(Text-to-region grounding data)
------------

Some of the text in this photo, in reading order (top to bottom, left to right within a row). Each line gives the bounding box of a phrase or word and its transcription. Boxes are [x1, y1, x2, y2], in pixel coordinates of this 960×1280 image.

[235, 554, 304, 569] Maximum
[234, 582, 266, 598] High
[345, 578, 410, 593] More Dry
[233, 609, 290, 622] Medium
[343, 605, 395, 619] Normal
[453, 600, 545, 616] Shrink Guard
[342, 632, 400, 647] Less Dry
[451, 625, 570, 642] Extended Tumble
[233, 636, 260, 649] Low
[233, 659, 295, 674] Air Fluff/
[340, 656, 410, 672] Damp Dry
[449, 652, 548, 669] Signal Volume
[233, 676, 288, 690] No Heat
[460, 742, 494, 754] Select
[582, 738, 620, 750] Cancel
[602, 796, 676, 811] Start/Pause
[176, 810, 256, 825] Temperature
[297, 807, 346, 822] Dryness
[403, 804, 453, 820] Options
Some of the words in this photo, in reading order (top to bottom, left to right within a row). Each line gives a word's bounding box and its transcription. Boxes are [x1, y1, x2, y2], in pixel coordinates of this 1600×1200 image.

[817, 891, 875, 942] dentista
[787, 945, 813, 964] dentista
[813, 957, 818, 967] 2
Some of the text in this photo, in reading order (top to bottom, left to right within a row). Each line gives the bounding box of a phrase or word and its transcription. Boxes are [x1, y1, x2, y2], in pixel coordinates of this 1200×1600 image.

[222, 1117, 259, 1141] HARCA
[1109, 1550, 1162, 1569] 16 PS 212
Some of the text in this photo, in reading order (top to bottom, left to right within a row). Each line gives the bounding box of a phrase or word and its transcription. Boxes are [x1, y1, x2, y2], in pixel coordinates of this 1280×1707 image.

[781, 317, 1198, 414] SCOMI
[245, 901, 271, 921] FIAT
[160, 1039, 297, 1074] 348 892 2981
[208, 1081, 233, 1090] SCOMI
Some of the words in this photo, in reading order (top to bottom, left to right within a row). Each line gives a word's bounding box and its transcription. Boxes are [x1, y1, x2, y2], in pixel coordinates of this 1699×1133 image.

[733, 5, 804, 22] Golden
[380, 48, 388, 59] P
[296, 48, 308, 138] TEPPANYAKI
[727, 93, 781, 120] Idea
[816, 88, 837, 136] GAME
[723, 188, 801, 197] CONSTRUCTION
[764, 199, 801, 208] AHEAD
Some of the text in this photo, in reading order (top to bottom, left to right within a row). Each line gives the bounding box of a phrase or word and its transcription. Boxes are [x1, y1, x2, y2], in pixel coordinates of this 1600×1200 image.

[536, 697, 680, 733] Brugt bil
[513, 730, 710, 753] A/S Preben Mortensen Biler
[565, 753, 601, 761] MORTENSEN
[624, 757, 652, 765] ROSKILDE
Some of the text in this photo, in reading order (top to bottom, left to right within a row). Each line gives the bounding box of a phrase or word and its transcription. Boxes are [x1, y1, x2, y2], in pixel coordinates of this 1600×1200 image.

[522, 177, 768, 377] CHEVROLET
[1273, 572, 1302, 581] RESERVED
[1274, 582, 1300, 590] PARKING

------------

Exactly reproduce all of the entries.

### FINISHED EXERCISE
Some of the text in this photo, in reading order (top to bottom, left to right within a row). Each line gives the bounding box of a phrase or word and its transcription. Boxes are [x1, y1, x2, y2], in pixel coordinates of this 960×1280 image.

[235, 554, 304, 569] Maximum
[234, 582, 266, 598] High
[345, 578, 410, 593] More Dry
[233, 609, 290, 622] Medium
[343, 605, 395, 619] Normal
[453, 600, 545, 616] Shrink Guard
[342, 632, 400, 647] Less Dry
[451, 625, 570, 642] Extended Tumble
[233, 636, 260, 649] Low
[233, 659, 295, 674] Air Fluff/
[340, 656, 410, 672] Damp Dry
[449, 652, 548, 669] Signal Volume
[233, 676, 288, 690] No Heat
[460, 742, 494, 754] Select
[582, 738, 620, 750] Cancel
[602, 796, 676, 811] Start/Pause
[176, 810, 256, 825] Temperature
[297, 807, 346, 822] Dryness
[403, 804, 453, 820] Options
Some of the words in this photo, in reading order (top to bottom, left to right within a row). Each line gives a word's bounding box and its transcription. Boxes are [x1, y1, x2, y2], in pixel coordinates of this 1600×1200 image.

[817, 891, 875, 942] dentista
[787, 945, 813, 964] dentista
[813, 957, 818, 967] 2
Some of the text in this photo, in reading order (top to bottom, left to right within a row). Each line gives the bounding box of a phrase or word and its transcription. Boxes are [x1, y1, x2, y2], in pixel coordinates of this 1200×1600 image.

[222, 1117, 259, 1141] HARCA
[1109, 1550, 1162, 1569] 16 PS 212
Some of the text in this photo, in reading order (top to bottom, left to right within a row). Each line gives the bounding box of a phrase or word and its transcription. Boxes are [x1, y1, x2, y2], in pixel coordinates of this 1280×1707 image.

[781, 317, 1198, 414] SCOMI
[245, 901, 271, 921] FIAT
[160, 1039, 297, 1074] 348 892 2981
[208, 1081, 233, 1090] SCOMI
Some of the words in this photo, in reading order (top to bottom, left to right within a row). Each line gives a word's bounding box and its transcription. Boxes are [x1, y1, x2, y2], in pixel coordinates of this 1699×1133 image.

[733, 5, 804, 22] Golden
[380, 48, 388, 59] P
[296, 48, 308, 138] TEPPANYAKI
[727, 93, 781, 120] Idea
[816, 88, 837, 136] GAME
[723, 188, 801, 197] CONSTRUCTION
[764, 199, 801, 208] AHEAD
Some of the text in this photo, in reading order (top to bottom, left to right within a row). Each line gives the bounding box of a phrase or word and its transcription. Boxes are [x1, y1, x2, y2], in pixel coordinates of this 1600×1200 image.

[536, 697, 680, 733] Brugt bil
[513, 730, 710, 753] A/S Preben Mortensen Biler
[565, 753, 601, 761] MORTENSEN
[624, 757, 652, 765] ROSKILDE
Some of the text in this photo, in reading order (top to bottom, left to right within a row). Each line gives the bounding box of a phrase or word and its transcription. Boxes are [x1, y1, x2, y2], in pixel coordinates of this 1600×1200 image.

[522, 177, 768, 377] CHEVROLET
[1273, 572, 1302, 581] RESERVED
[1274, 582, 1300, 590] PARKING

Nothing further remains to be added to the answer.